The medallion has in its center a gold double solidus of Constantine I with the legend dn const antinus max aug on its obverse. On the reverse are facing busts of the Caesars Crispus and Constantine II in consular dress, the legend crispus et const antinus nob caes coss ii, and siRM(ium) in the exergue. The medallion is set within a plain frame with an outer row of beading, which is repeated on the outer edge. Within these are scrolls in openwork with leaves and six imperial busts in high relief within borders like the central medallion. The loop at the top is in the same openwork as the background of the pendant.

The pendant is part of a group of jewelry sold at Christie's (London, 1970) that included another circular pendant and two hexagonal pendants— also double gold solidi celebrating the second consulate of Crispus and Constantine II—a bracelet, and four fragments from a necklace, all with the same pierced work.
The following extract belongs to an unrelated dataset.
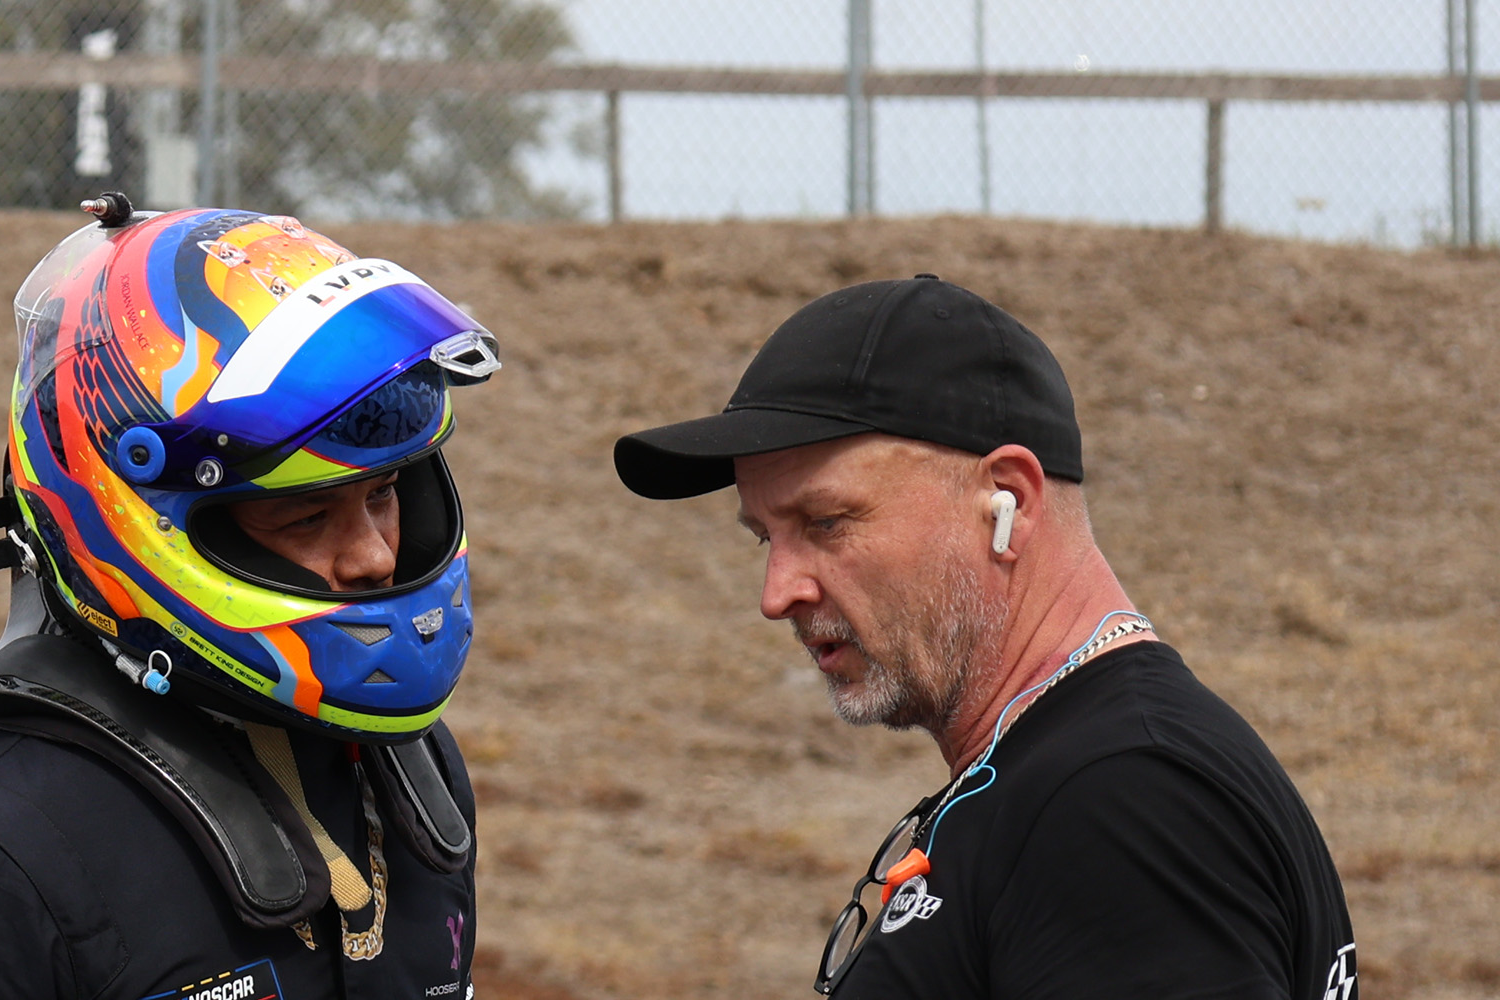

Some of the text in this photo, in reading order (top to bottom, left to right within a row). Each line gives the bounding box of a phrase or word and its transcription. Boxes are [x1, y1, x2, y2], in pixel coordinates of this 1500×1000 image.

[126, 308, 150, 351] WALLACE
[215, 655, 236, 671] KING
[234, 667, 265, 688] DESIGN
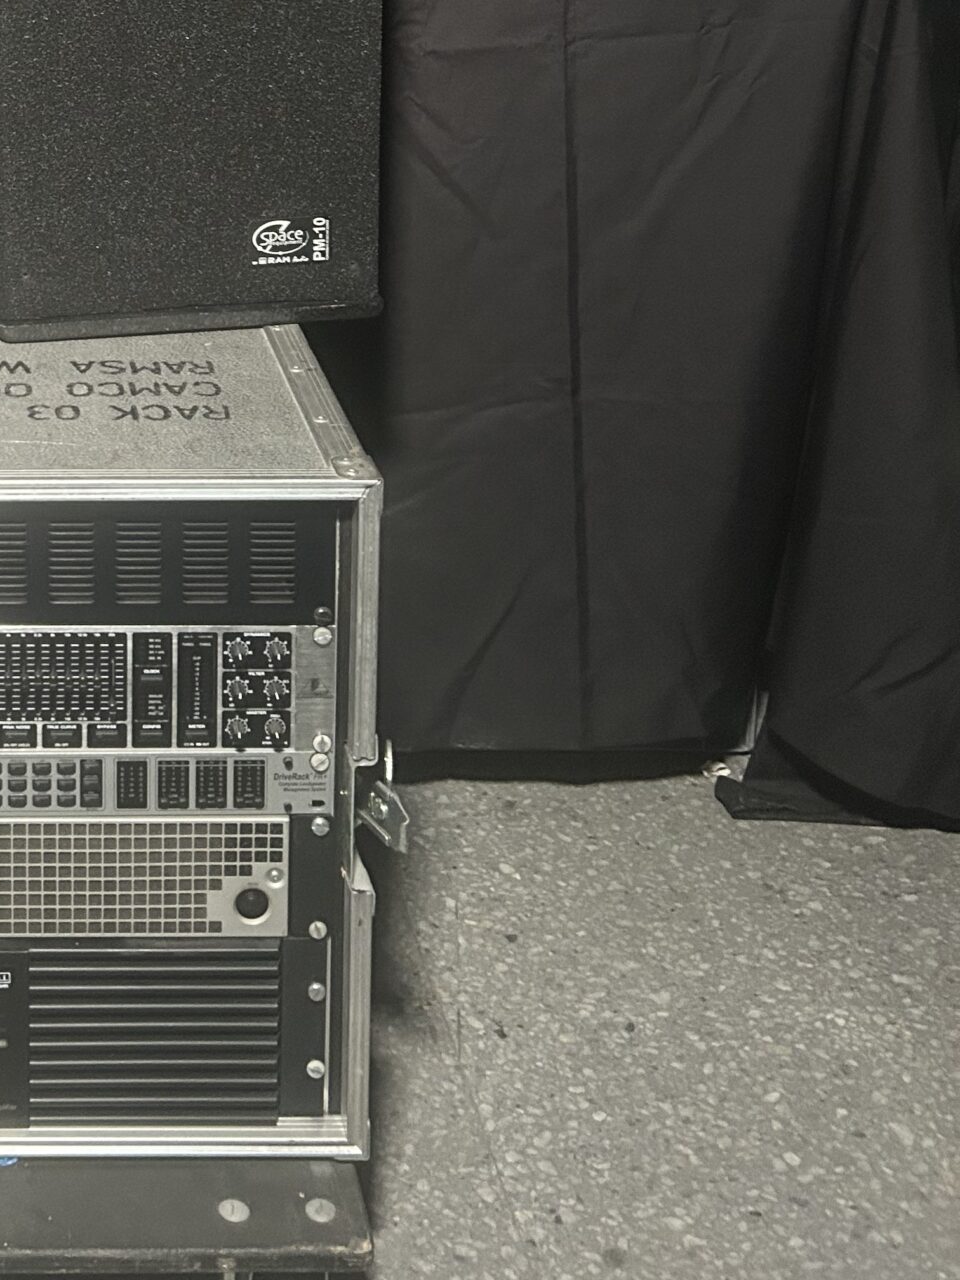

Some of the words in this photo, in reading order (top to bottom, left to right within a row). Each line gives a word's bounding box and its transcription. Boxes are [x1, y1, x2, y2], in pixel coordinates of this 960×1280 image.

Such pendants had been popular in the late Roman Empire and continued far into the Byzantine period. They were usually circular but at times were hexagonal; often they were embellished with openwork (for an important discussion of these, see Vermeule, 1975, p. 27).
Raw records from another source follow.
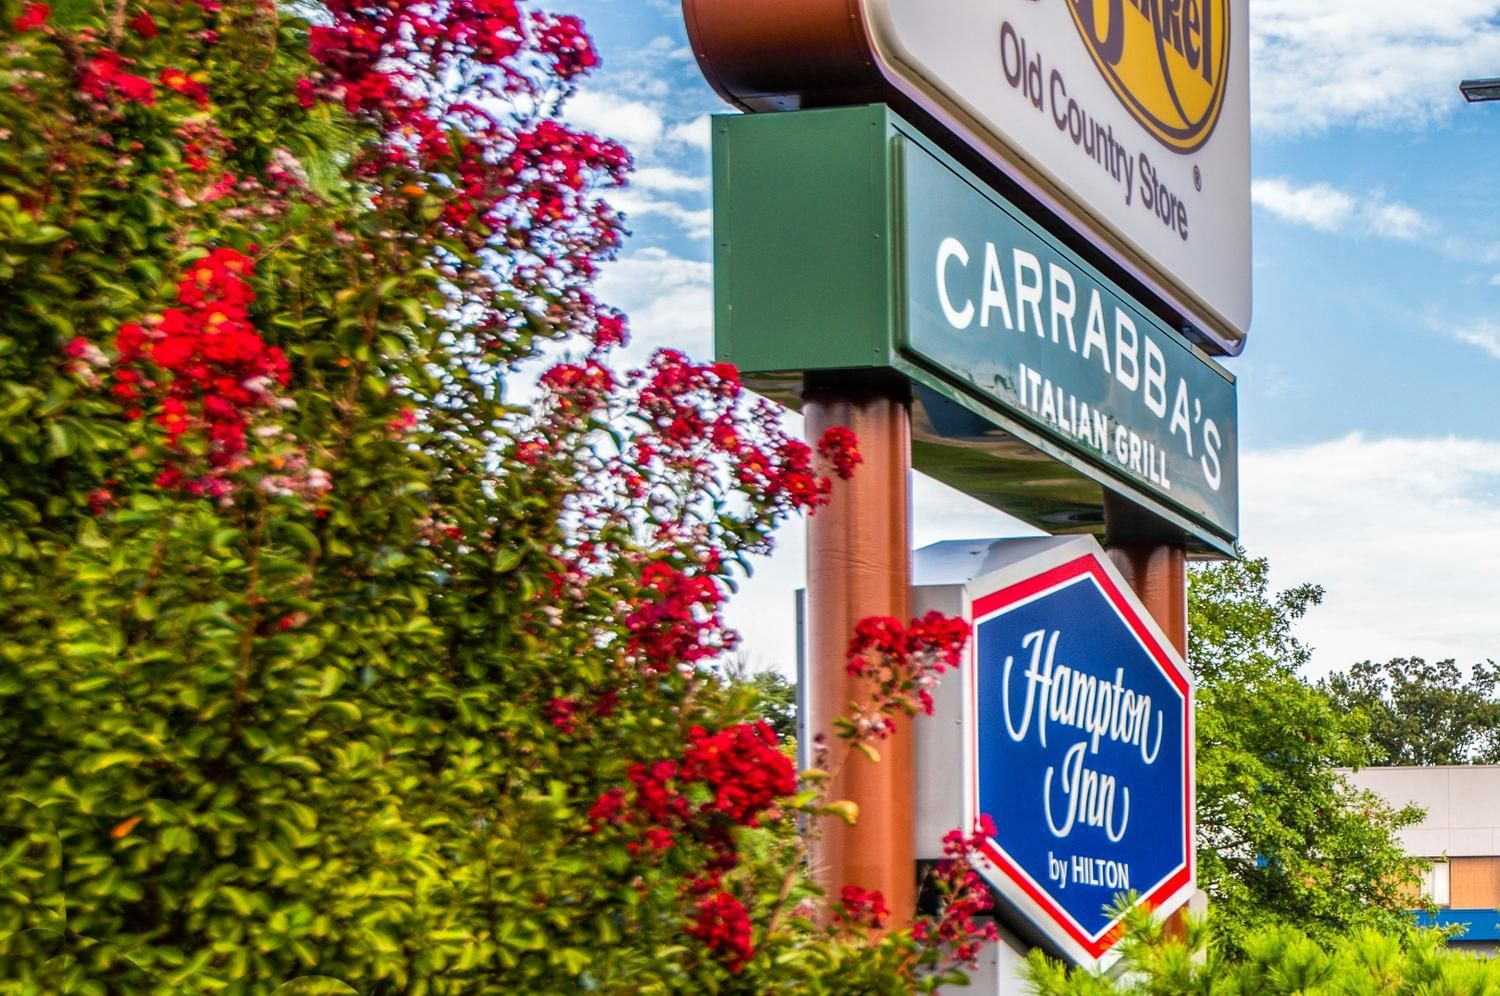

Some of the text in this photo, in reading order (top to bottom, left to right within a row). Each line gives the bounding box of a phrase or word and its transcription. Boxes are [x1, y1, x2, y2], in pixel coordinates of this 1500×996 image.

[1000, 21, 1188, 240] Old Country Store
[935, 237, 1222, 492] CARRABBA'S
[1018, 363, 1171, 490] ITALIAN GRILL
[1002, 628, 1163, 765] Hampton
[1043, 741, 1129, 843] Inn
[1048, 851, 1129, 890] by HILTON
The double solidus here was struck at Sirmium in 324. The necklace to which our pendant belonged, celebrating Constantine the Great, Crispus, and Constantine II, would have had to be made before the summer of 326, when Crispus fell from grace and was murdered.

The design with imperial images about the central motif, as here, was known in Roman times, as on the famous gold patera from Rennes now in the Cabinet des Medailles in Paris (Vermeule, 1975, fig. 1).

This necklace, a gift doubtless celebrating the vicennalia, either in Nicomedia on 25 July 325 or in Rome on 25 July 326, would have been made in one of the imperial mints in Nicomedia, in Thes- salonike, in Sirmium, or in Rome, the cities known to have mints of Constantine the Great at this time. Since he stopped at Sirmium on his way from Nicomedia to Rome in 326, it is possible that the necklace was made there.

It is not known, however, for whom the necklace was made. The two most important ladies at court were the empress Fausta and the dowager empress Helena. For various reasons the latter is more likely. Bibliography: London, Christie's, 19 October 1970, no. 200; Bastien, 1972, pp. 49-82, esp. n. 4; Duval, 1973; Vermeule, 1975, pp. 5-32, esp. p. 27.